/---

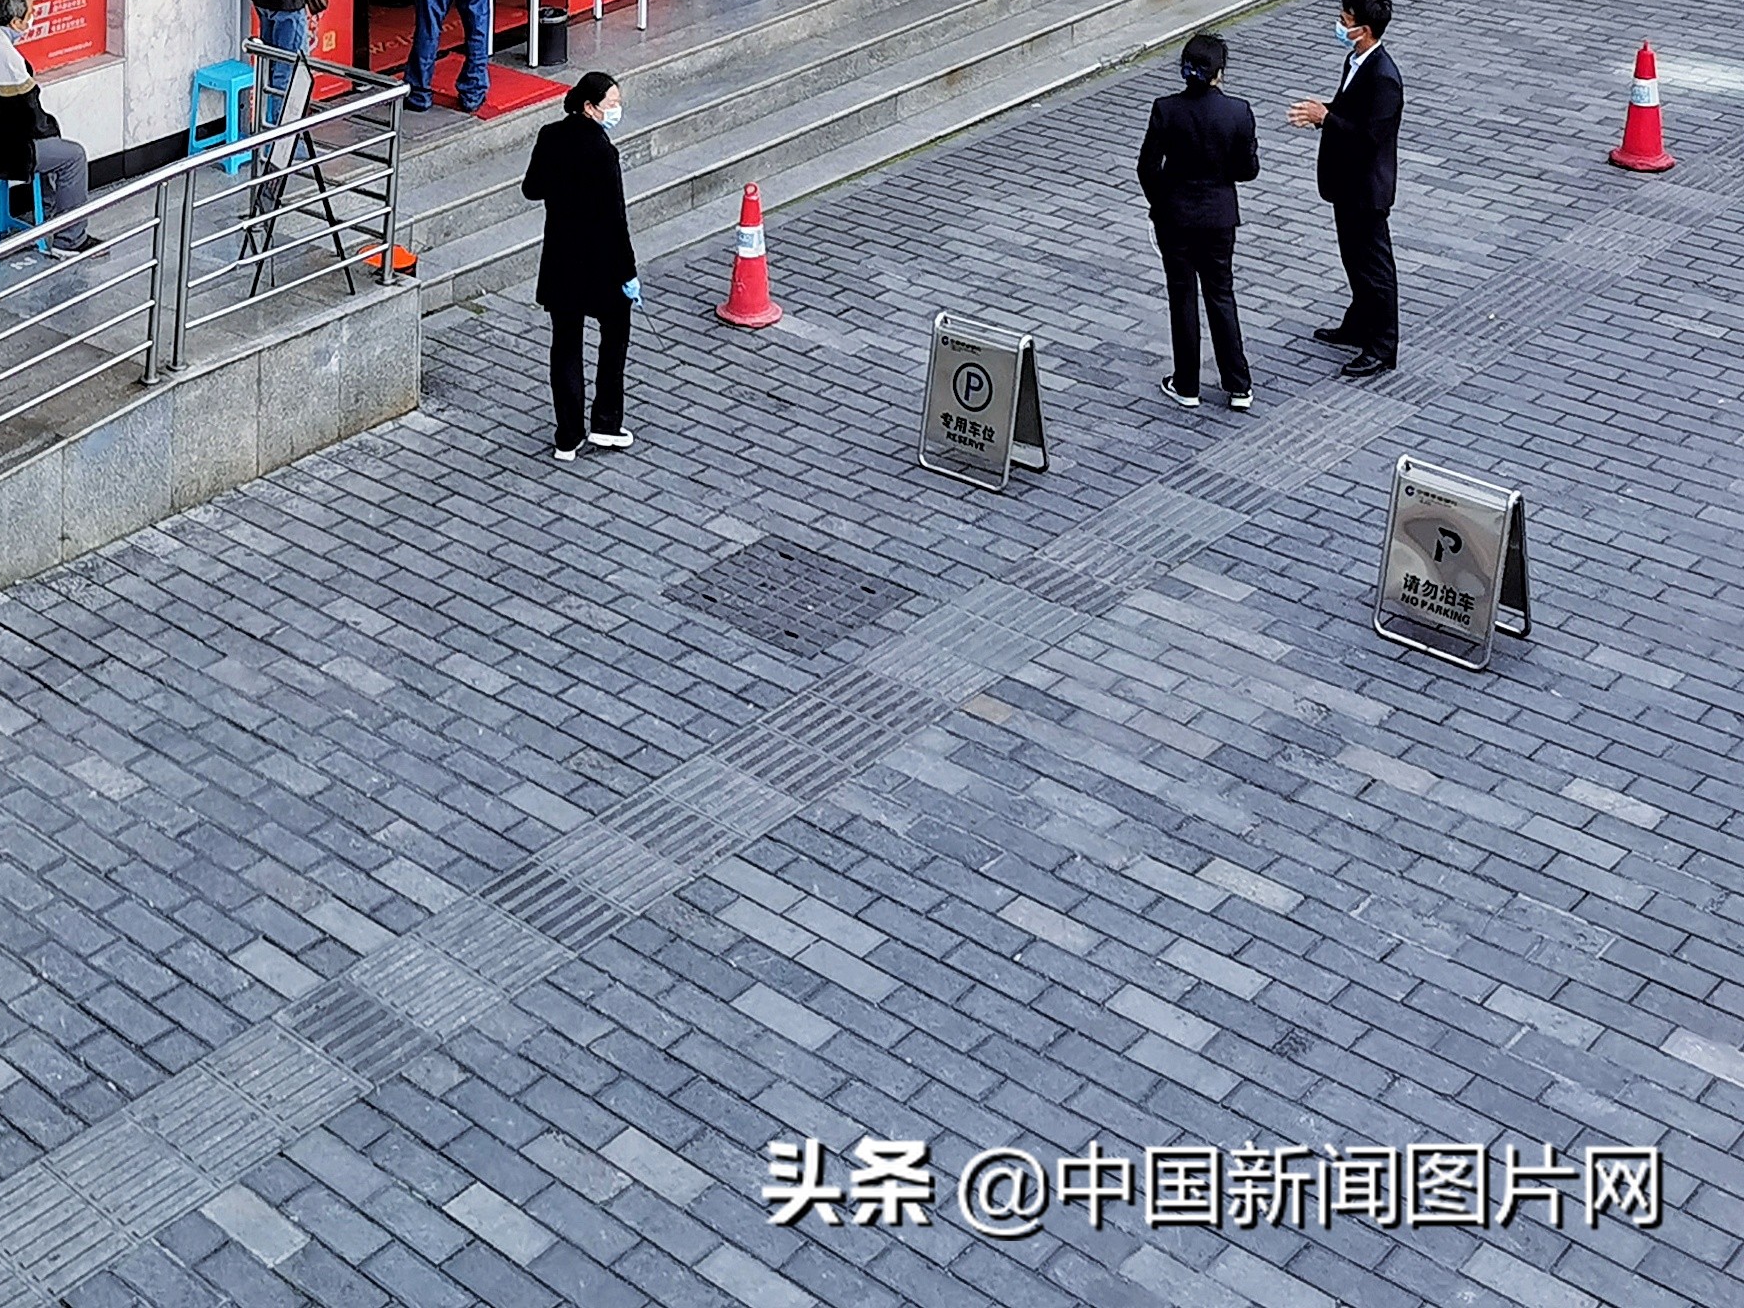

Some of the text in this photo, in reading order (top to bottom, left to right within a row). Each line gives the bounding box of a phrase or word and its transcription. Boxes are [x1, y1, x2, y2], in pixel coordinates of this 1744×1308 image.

[963, 371, 984, 402] P
[940, 412, 996, 444] 专用车位
[946, 430, 986, 452] RESERVE
[1432, 526, 1463, 563] P
[1400, 592, 1471, 627] NO PARKING
[1403, 573, 1476, 613] 请勿泊车
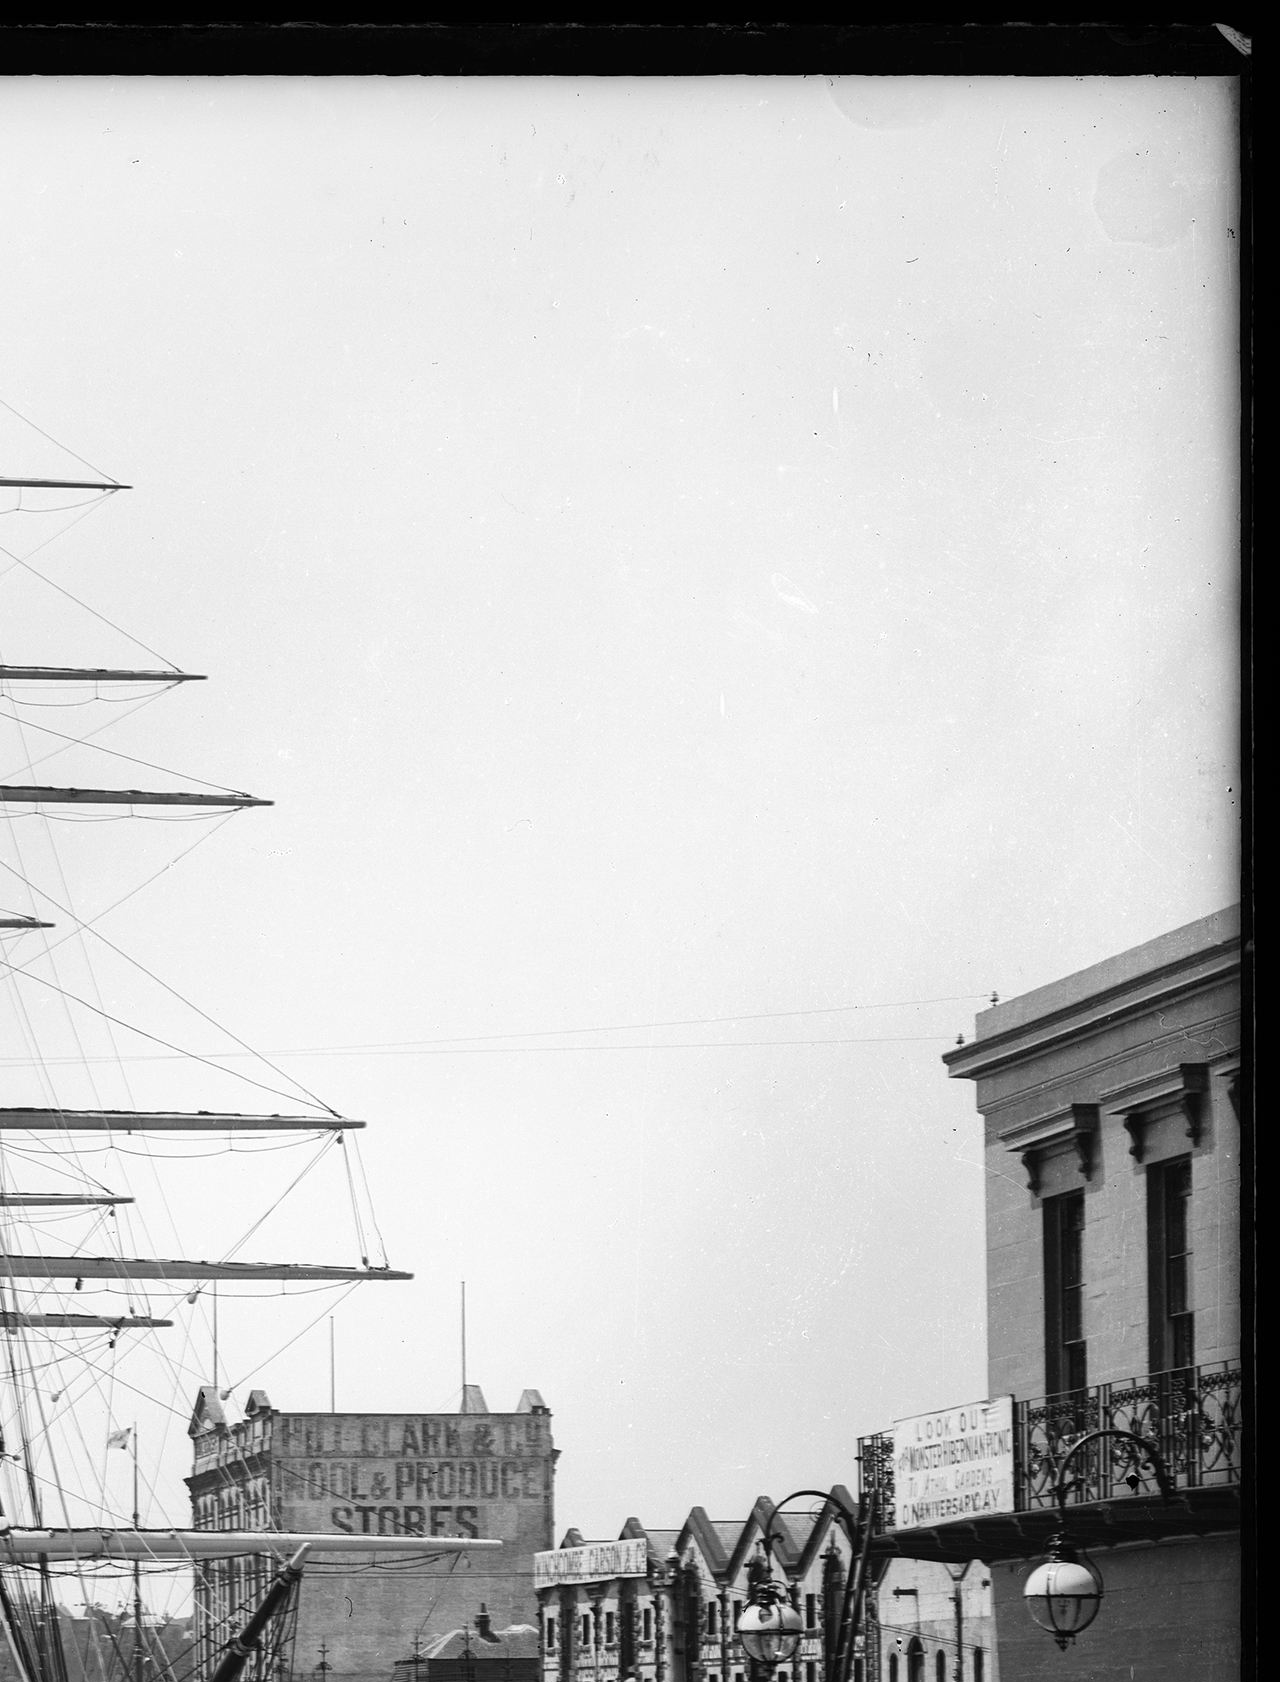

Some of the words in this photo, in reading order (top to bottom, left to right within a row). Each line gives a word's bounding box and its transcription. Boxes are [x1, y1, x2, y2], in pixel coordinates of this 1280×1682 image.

[473, 1423, 495, 1450] &
[916, 1415, 951, 1442] LOOK
[959, 1409, 990, 1432] OUT
[372, 1472, 391, 1500] &
[396, 1462, 543, 1500] PRODUCE
[955, 1467, 992, 1489] GARDENS
[332, 1505, 479, 1539] STORES
[903, 1504, 920, 1525] ON
[973, 1488, 1000, 1511] DAY
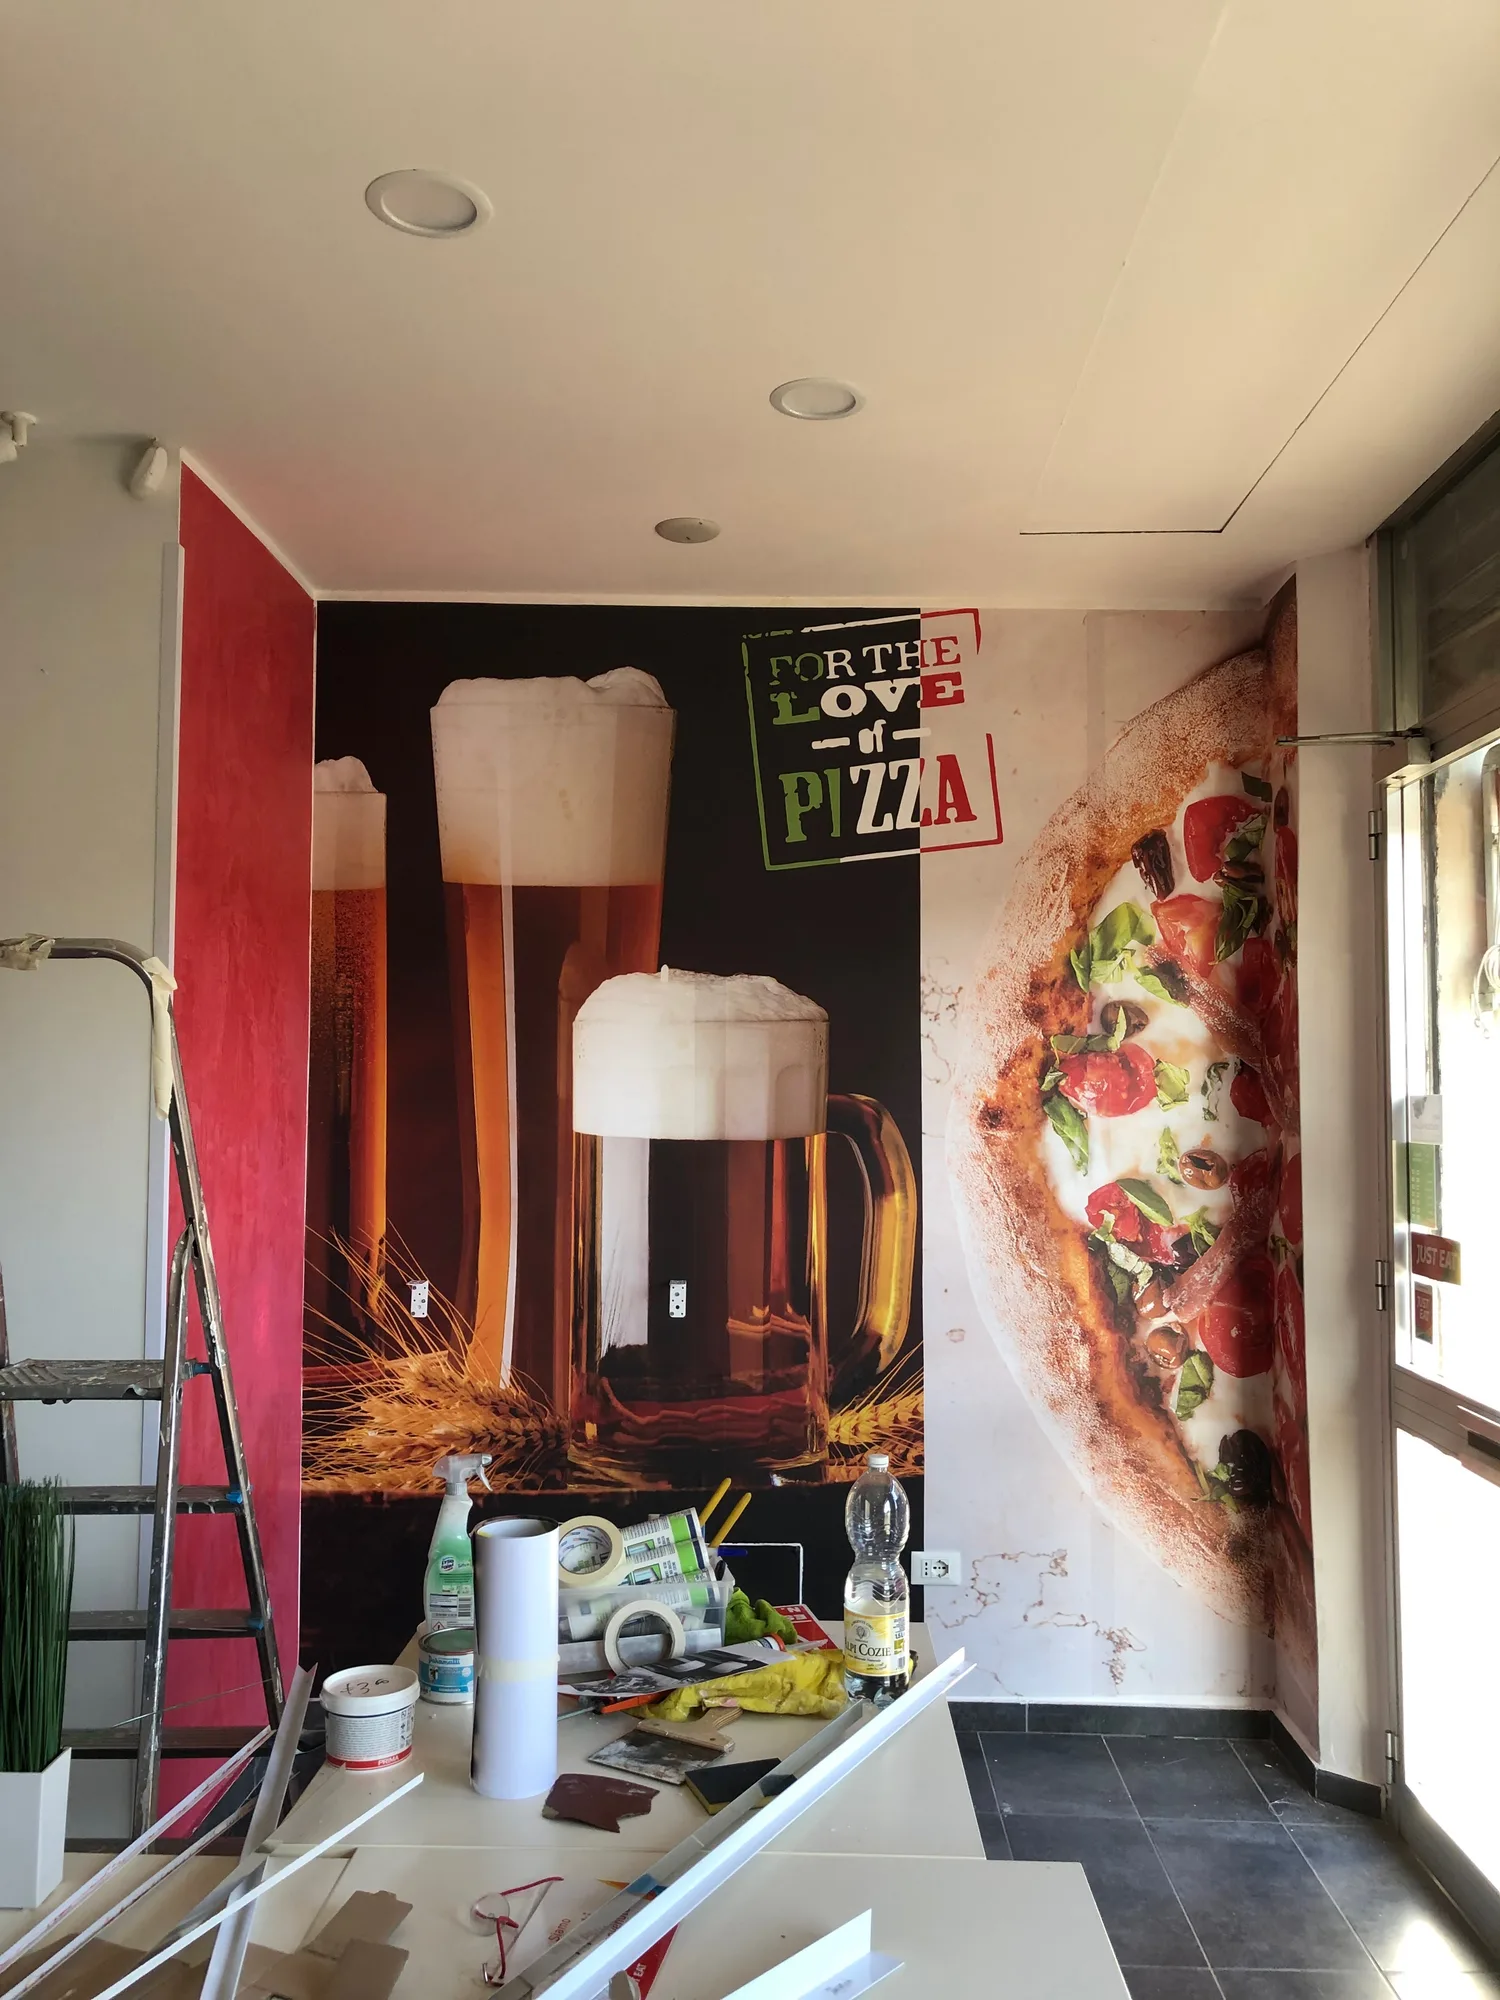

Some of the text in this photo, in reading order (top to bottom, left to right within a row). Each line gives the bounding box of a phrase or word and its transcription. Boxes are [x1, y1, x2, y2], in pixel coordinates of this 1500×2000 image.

[769, 635, 961, 686] FOR THE
[769, 671, 965, 725] LOVE
[858, 718, 887, 754] of
[778, 754, 978, 843] PIZZA
[1416, 1244, 1457, 1270] JUST EAT
[377, 1755, 400, 1766] PRIMA
[548, 1918, 571, 1942] Siamo

\---

--- Action item ---
Only those lines running from the one containing "this 1500×2000 image." through the last line of the data above are to be copied, exactly, with both ends included.

--- Problem solution ---
Some of the text in this photo, in reading order (top to bottom, left to right within a row). Each line gives the bounding box of a phrase or word and its transcription. Boxes are [x1, y1, x2, y2], in pixel coordinates of this 1500×2000 image.

[769, 635, 961, 686] FOR THE
[769, 671, 965, 725] LOVE
[858, 718, 887, 754] of
[778, 754, 978, 843] PIZZA
[1416, 1244, 1457, 1270] JUST EAT
[377, 1755, 400, 1766] PRIMA
[548, 1918, 571, 1942] Siamo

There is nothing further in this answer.